Thankfully I had plenty more.
The redhead rushed me.
“Sick, perverted freaks,” I snarled, reaching into the leather at my cleavage and pulling out another blade.
She screamed, her nails clawing at my face. The body beneath me bucked. Does anyone have a clue how hard it is to fight sitting down? This was ridiculous. Angry, I tightened my thighs on the vamp below me and punched Red. I didn’t have much momentum. Thank God I was strong.
It only diverted her attention for a second though. She shook her head and then dived at me again. This time I was able to snap open the blade and bury it in her neck. Hot blood sprayed my face.
She grabbed her neck. Sick, gurgling sounds fell from her lips.
My eyes burned from the salt. I wiped at them, trying to clear my vision. My distraction almost cost me.
The vamp beneath me shoved me, and I had to put a hand out to steady myself. I freed it just enough that it could wrap its hand around my neck.
I gasped for air.
I punched at its temple, knocking the hood back and revealing the baby-smooth skin of an adolescent boy. Twelve, no older than thirteen.
I reached into my other boot and grabbed my black razor fan, snapping it open.

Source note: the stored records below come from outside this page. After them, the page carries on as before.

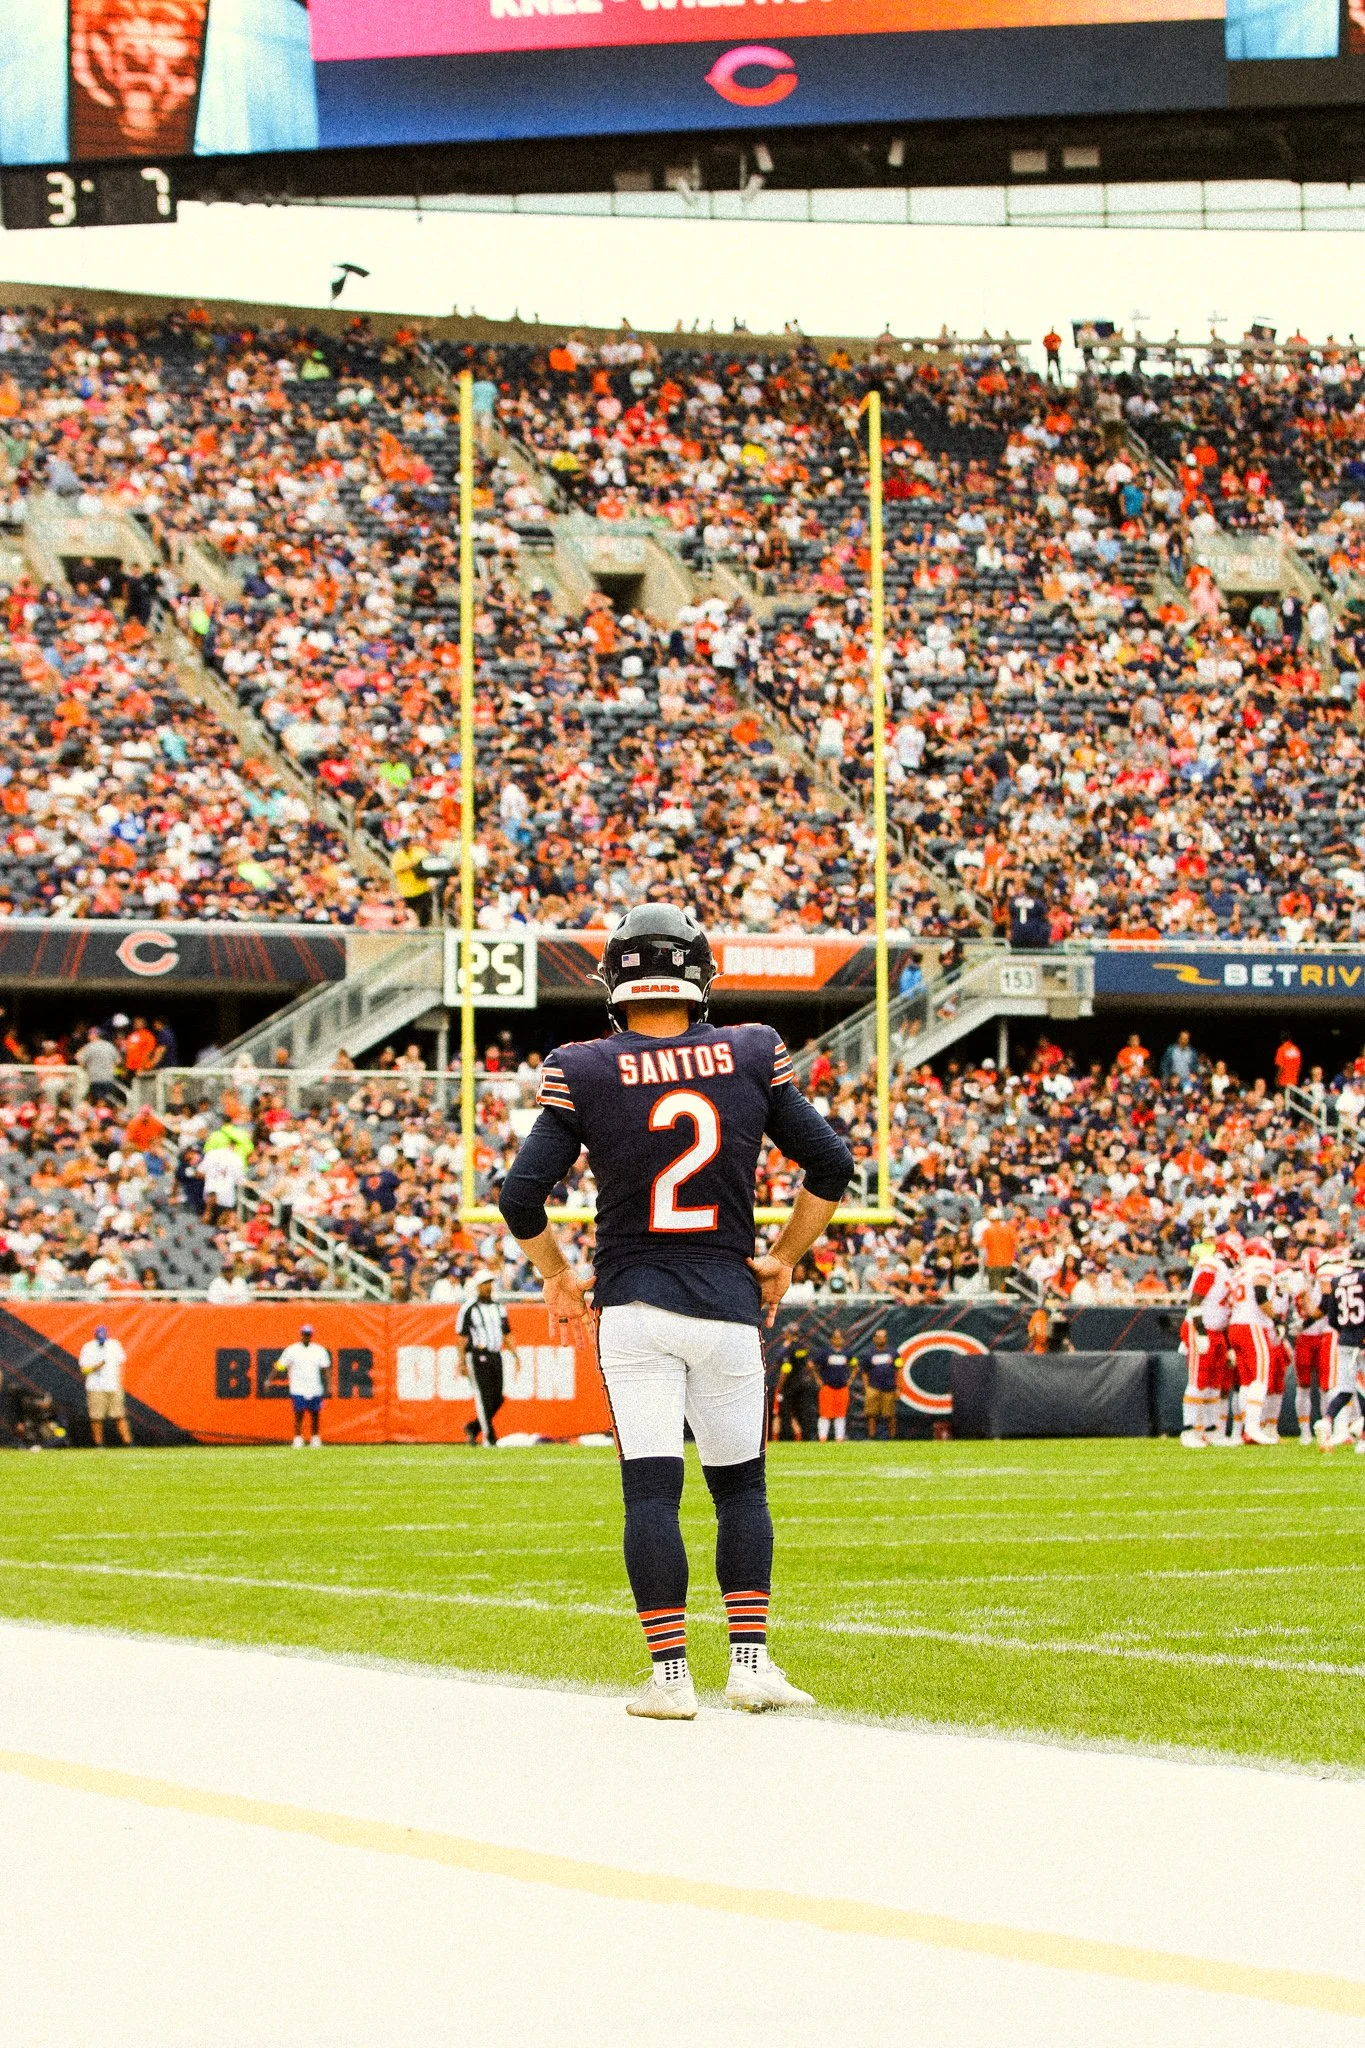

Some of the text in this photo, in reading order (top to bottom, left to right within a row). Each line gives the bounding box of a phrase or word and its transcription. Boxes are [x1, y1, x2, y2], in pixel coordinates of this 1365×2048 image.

[47, 171, 76, 226] 3
[141, 167, 170, 216] 7
[457, 943, 523, 995] 25
[631, 984, 680, 994] BEARS
[1005, 970, 1033, 989] 153
[617, 1041, 735, 1086] SANTOS
[648, 1087, 722, 1234] 2
[1334, 1284, 1365, 1326] 35
[216, 1348, 374, 1399] BER

In one fluid movement I sliced the fan through the kid’s neck. He blinked twice, his hand on my throat relaxing. I took greedy gulps of sweet, fresh air, ignoring the ache I felt in doing so. My stomach heaved and I looked away. I’d done what I had to do, regardless if I liked it or not.
I reached for the blade at my back and then shoved it like a stake through the boy’s chest. He grabbed at the knife with blood-soaked hands, fingers futilely trying to pull it out. I ground my jaw and pushed deeper until, finally, the light left his eyes.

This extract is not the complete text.